Flufenamic acid (FFA) is a nonsteroidal anti-inflammatory drug (NSAID). It has anti-inflammatory and antipyretic properties. In addition, it modulates multiple channel activities. The mechanisms underlying the pharmacological actions of FFA are presently unclear.

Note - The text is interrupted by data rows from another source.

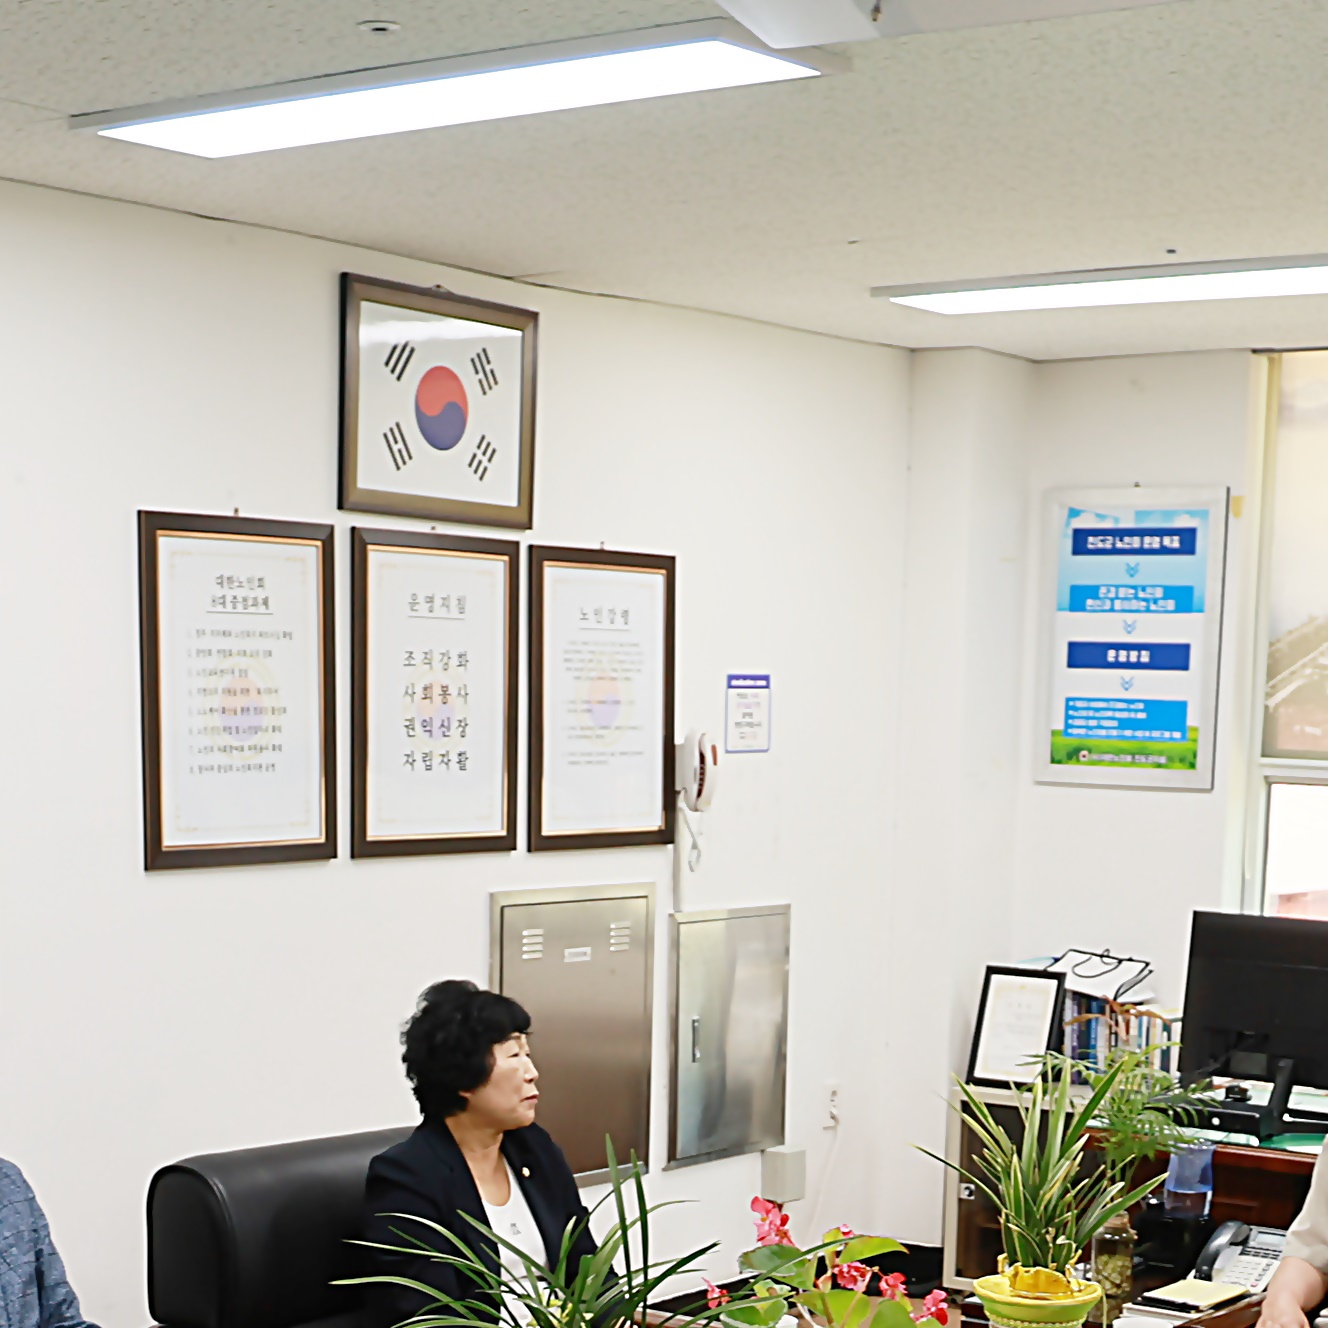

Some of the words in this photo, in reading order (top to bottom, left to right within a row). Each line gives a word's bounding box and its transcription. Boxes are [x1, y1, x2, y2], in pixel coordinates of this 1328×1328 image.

[215, 574, 266, 591] 대한노인회
[403, 649, 470, 671] 조직강화
[403, 683, 470, 704] 사회봉사
[403, 717, 470, 738] 권익신장
[403, 750, 470, 771] 자립자활

Given that AMP-activated protein kinase (AMPK) has both anti-inflammatory and channel-regulating functions, we examined whether FFA induces AMPK activation. 1) Exposure of several different types of cells to FFA resulted in an elevation of AMPK alpha phosphorylation at Thr172. This effect of FFA was reproduced by functionally and structurally similar mefenamic acid, tolfenamic acid, niflumic acid, and meclofenamic acid. 2) FFA-induced activation of AMPK was largely abolished by the treatment of cells with 1,2-bis(2-aminophenoxy)ethane-N,N,N',N'-tetraacetic acid tetrakis(acetoxymethyl ester) (an intracellular Ca2+ chelator) or depletion of extracellular Ca2+, whereas it was mimicked by stimulation of cells with the Ca2+ ionophore 5-(methylamino)-2-({(2R,3R,6S,8S,9R,11R)-3,9,11-trimethyl-8-[(1S)-1-methyl-2-oxo-2-(1H-pyrrol-2-yl)ethyl]-1,7-dioxaspiro[5.5]undec-2-yl}methyl)-1,3-benzoxazole-4-carboxylic acid (A23187) or ionomycin. 3) FFA triggered a rise in intracellular Ca2+, which was abolished by cyclosporine, a blocker of mitochondrial permeability transition pore. Cyclosporine also abolished FFA-induced activation of AMPK. 4) Inhibition of Ca2+/calmodulin-dependent kinase kinase beta (CaMKK beta) with 7-oxo-7Hbenzimidazo[2,1-a]benz[de]isoquinoline-3-carboxylic acid acetate (STO-609) or down-regulation of CaMKK beta with short interfering RNA largely abrogated FFA-induced activation of AMPK. 5) FFA significantly suppressed nuclear factor-kappa B activity and inducible nitric-oxide synthase expression triggered by interleukin-1 beta and tumor necrosis factor alpha. This suppression was also largely abrogated by STO-609. Taken together, we conclude that FFA induces AMPK activation through the Ca2+-CaMKK beta pathway. Activation of AMPK is a presently unrecognized important mechanism underlying the pharmacological effects of FFA.